**WORK INSTRUCTION:** An exact copy of the data is needed, but without any of its images.

[Stored records]

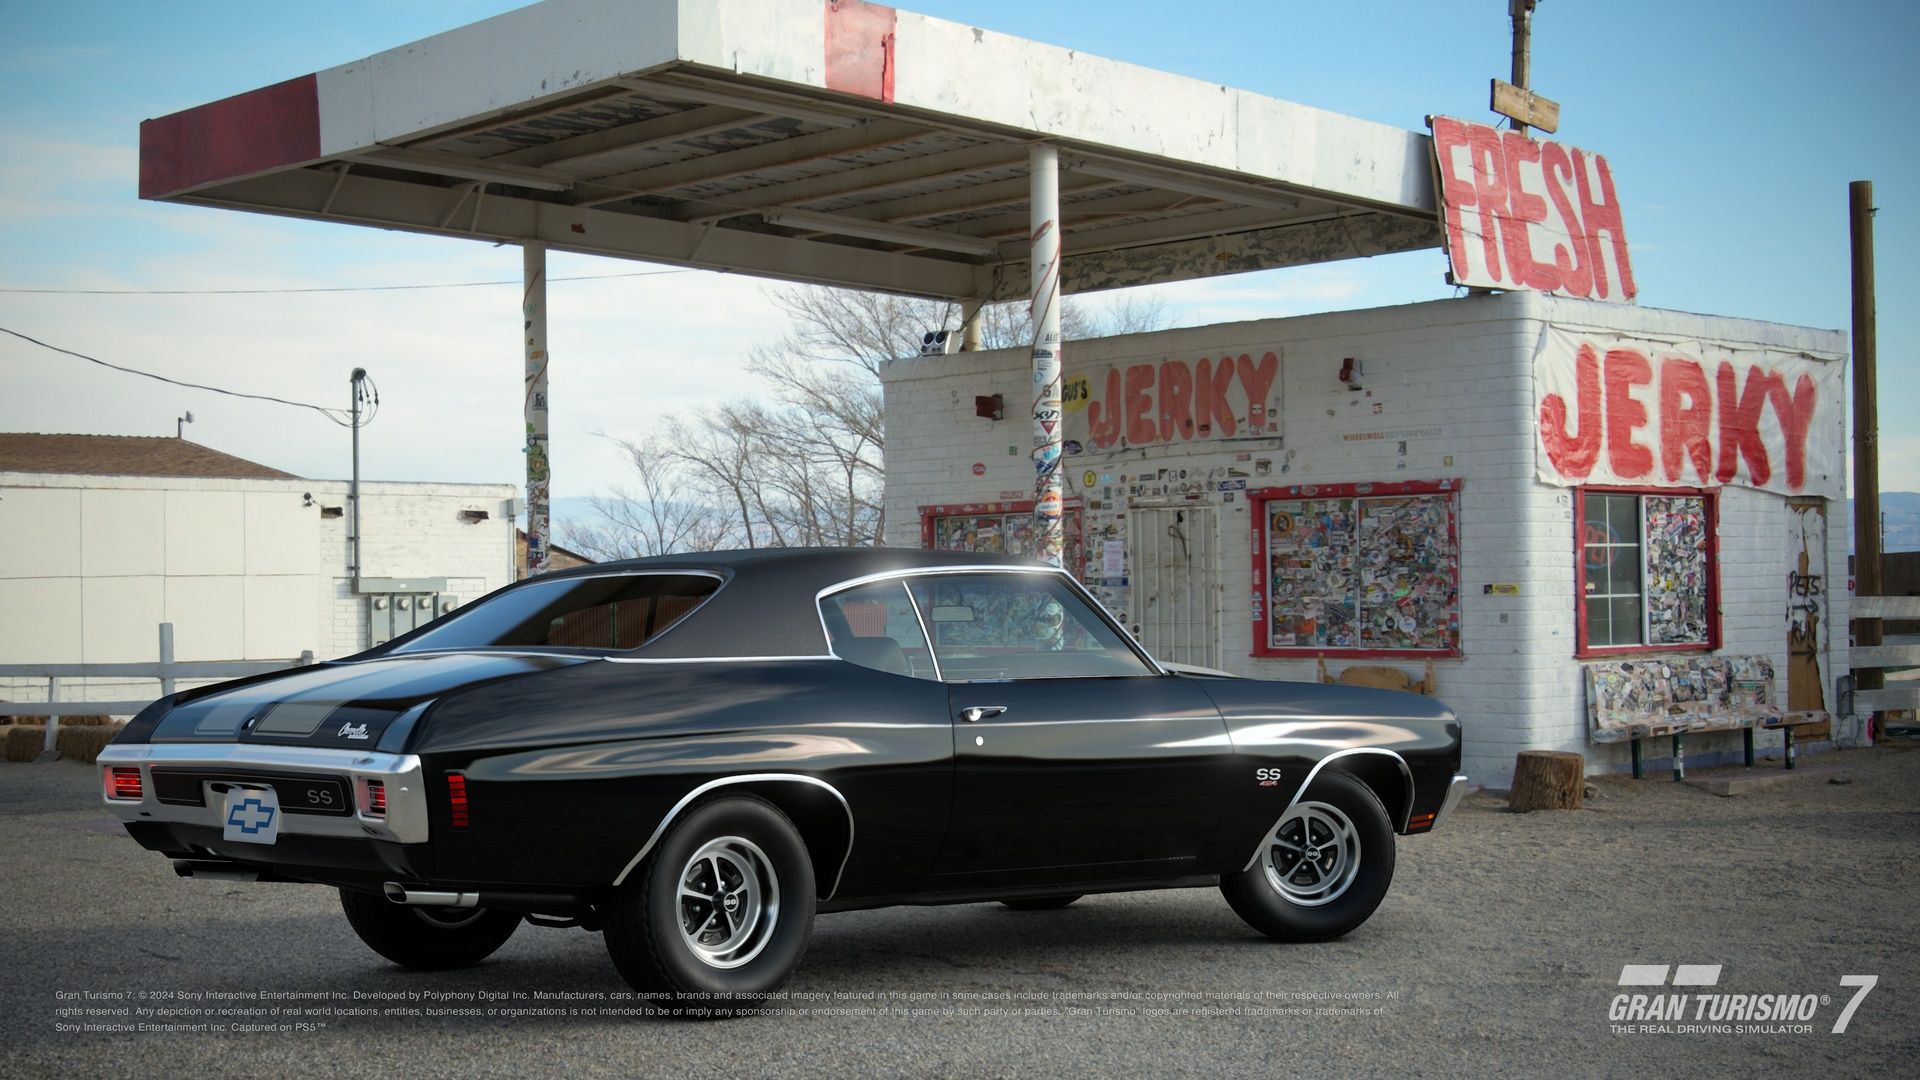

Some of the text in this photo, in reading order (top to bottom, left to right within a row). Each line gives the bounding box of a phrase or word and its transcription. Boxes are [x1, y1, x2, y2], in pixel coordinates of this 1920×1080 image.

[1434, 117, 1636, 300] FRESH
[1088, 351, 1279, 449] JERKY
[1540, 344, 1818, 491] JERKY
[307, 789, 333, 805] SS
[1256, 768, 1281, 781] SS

**OUTPUT:**
Some of the text in this photo, in reading order (top to bottom, left to right within a row). Each line gives the bounding box of a phrase or word and its transcription. Boxes are [x1, y1, x2, y2], in pixel coordinates of this 1920×1080 image.

[1434, 117, 1636, 300] FRESH
[1088, 351, 1279, 449] JERKY
[1540, 344, 1818, 491] JERKY
[307, 789, 333, 805] SS
[1256, 768, 1281, 781] SS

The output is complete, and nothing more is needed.